Commentary

Hard To Reach: Even When Video Goes Viral, It Doesn't Necessarily Catch On

Before you take your holiday break, here’s a statistic you might want to drown in a healthy serving of eggnog: The most shared ad of the year, Dove’s “Real Beauty Sketches,” was shared 4.24 million times and viewed 60 million times on Dove’s U.S. YouTube channel.

You think that’s beautiful? In a media world cutting itself into finer and finer customized – and not always commercialized – shards, that’s just plain ugly for an advertiser interested in building brand awareness.
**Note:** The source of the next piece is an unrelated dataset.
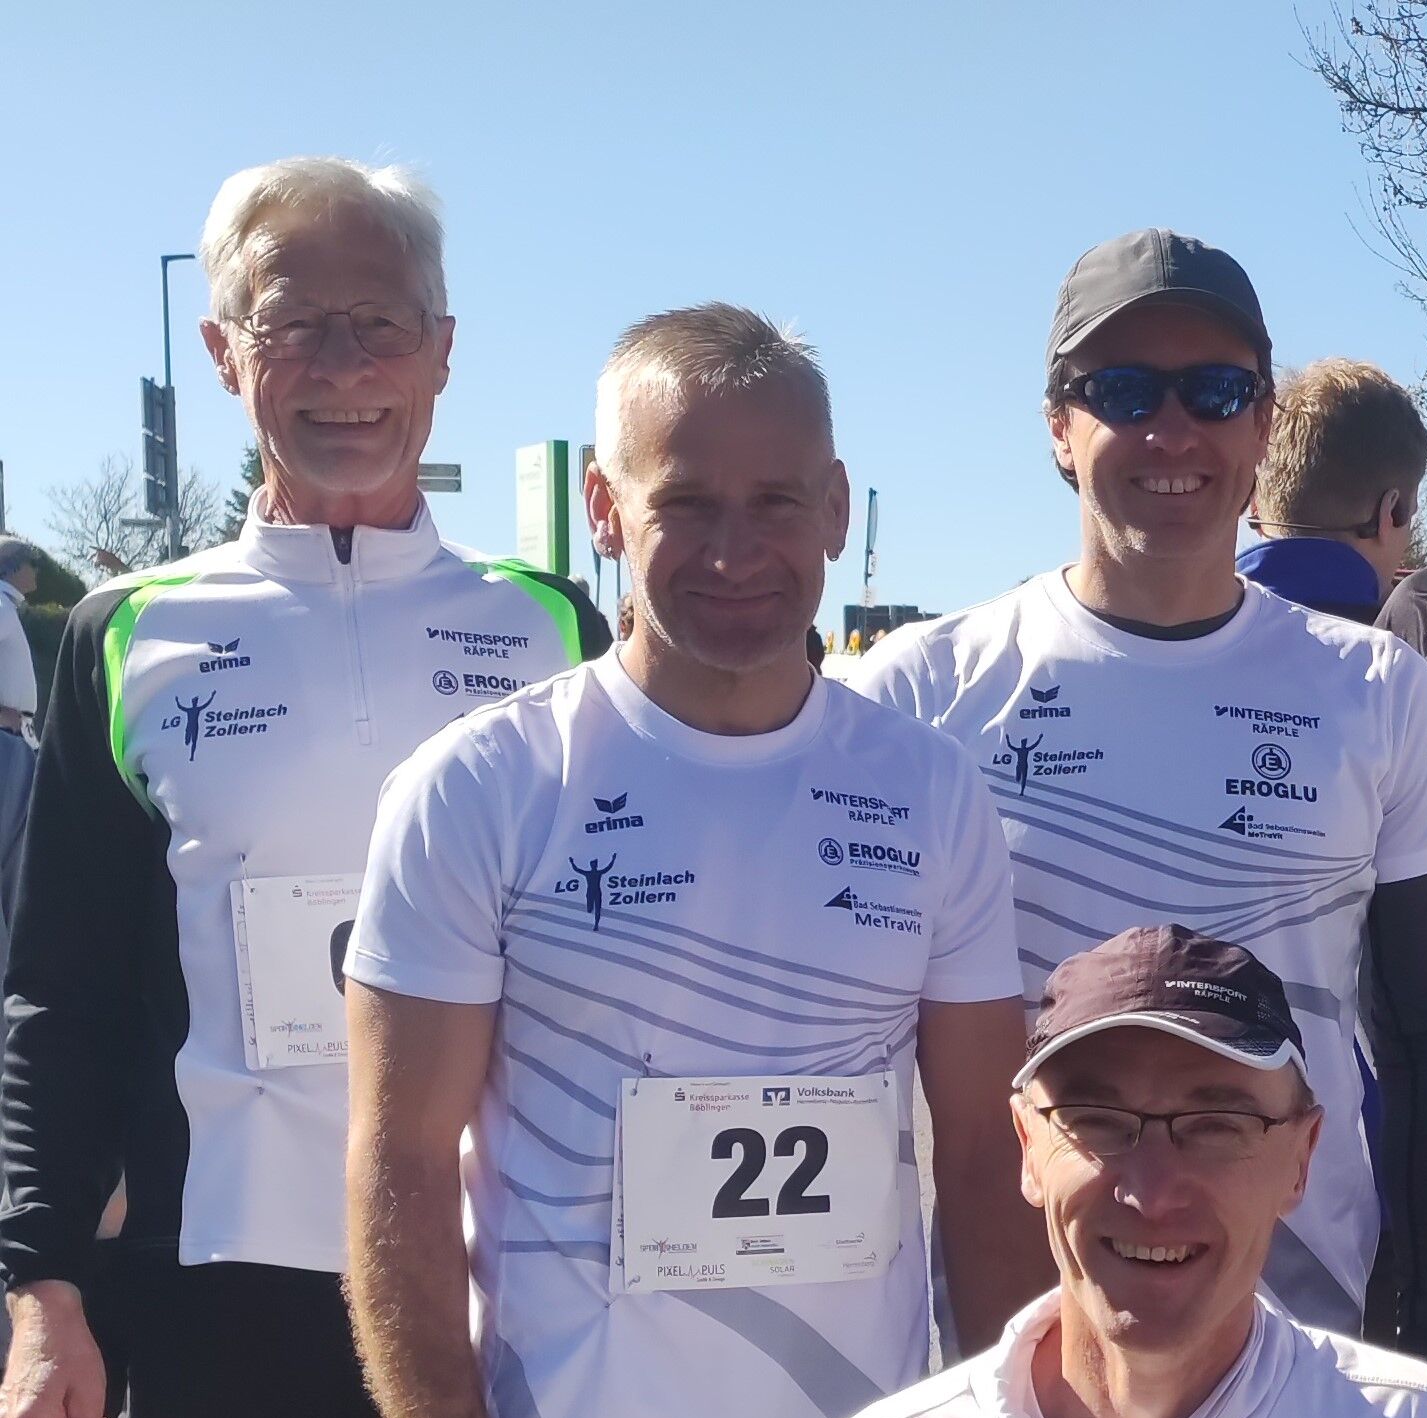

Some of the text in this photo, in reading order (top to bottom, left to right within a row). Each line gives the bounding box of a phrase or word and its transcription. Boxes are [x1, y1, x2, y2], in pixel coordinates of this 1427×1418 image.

And, seriously, name an advertiser who isn’t interested in that.

At the end of the day, even viral hits aren’t all that spectacular. In fact, the second most-shared video of the year – Geico’s famed “Hump Day” commercial – was shared 4 million times, and viewed 19 million times. And that’s probably in large part due to repeated airings on TV, which fed its online virality. (Note: the sharing stats come from Unruly Media and the views stats come from YouTube.)

By the time you get to the 20th most shared video, a five-minute PSA for Code.org, featuring Bill Gates, Mark Zuckerberg, will.i.am and the Miami Heat’s Chris Bosh, the numbers drop like a stone. That video was shared about 754,000 times and viewed slightly over 11 million times. When you think about how many videos had viral aspirations this year, that’s a complete and utter downer. It’s slightly less than the non-DVRed audience on Thursday night this week for the CBS sitcom “The Millers.”
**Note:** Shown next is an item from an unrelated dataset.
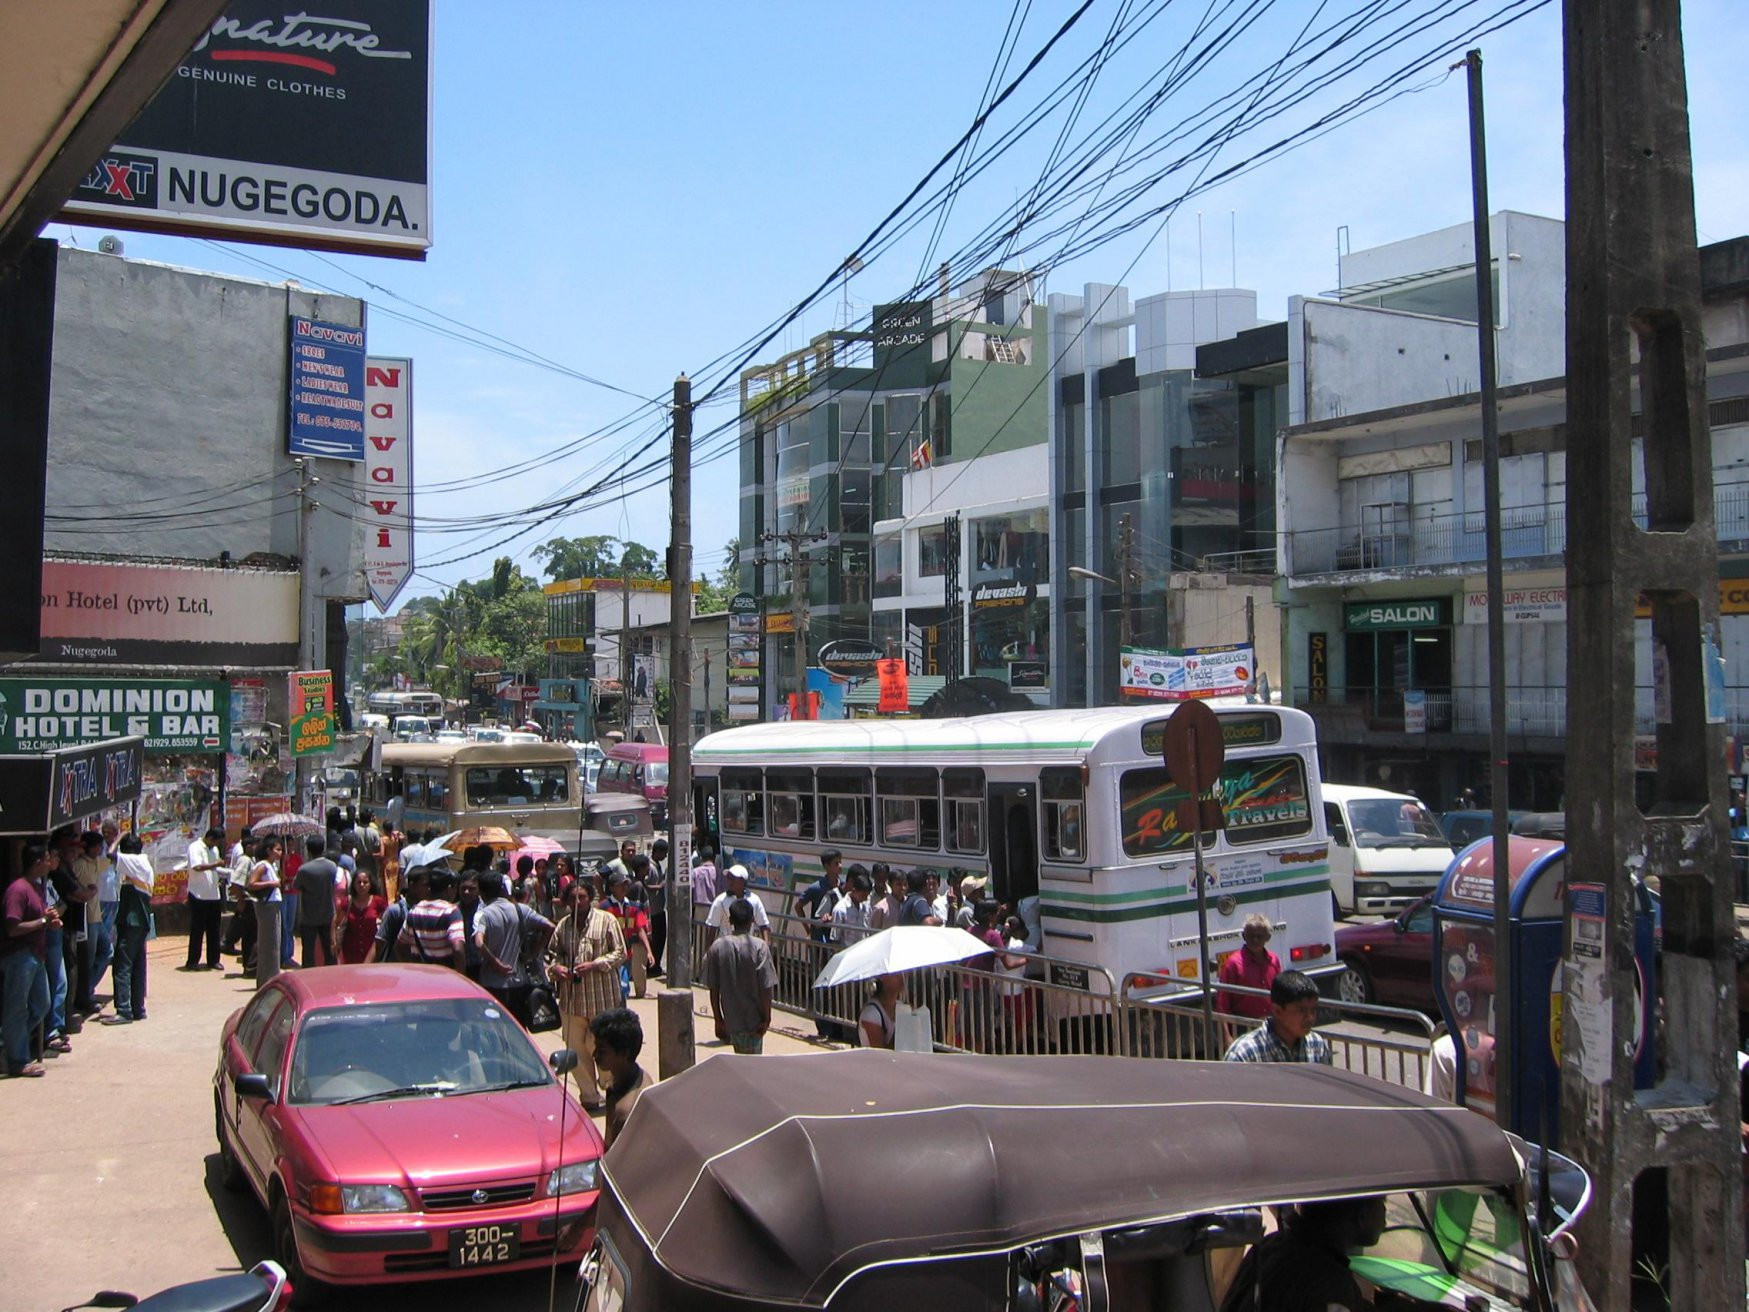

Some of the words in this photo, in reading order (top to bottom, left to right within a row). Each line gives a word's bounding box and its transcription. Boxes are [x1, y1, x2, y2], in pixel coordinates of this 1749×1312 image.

And, yes, the comparison to TV is apt. Because, well, TV -- who watches it anymore the way it was originally intended? Appointment viewing seems limited for many of us to live sports events, and YouTube is a veritable TV network for today’s kids, but what really took me by surprise in 2013 is how a confluence of technologies has completely upended viewing of video content, and done so cross-generationally. That’s the scariest part for those trying to get a message out to whatever is left of the mass market.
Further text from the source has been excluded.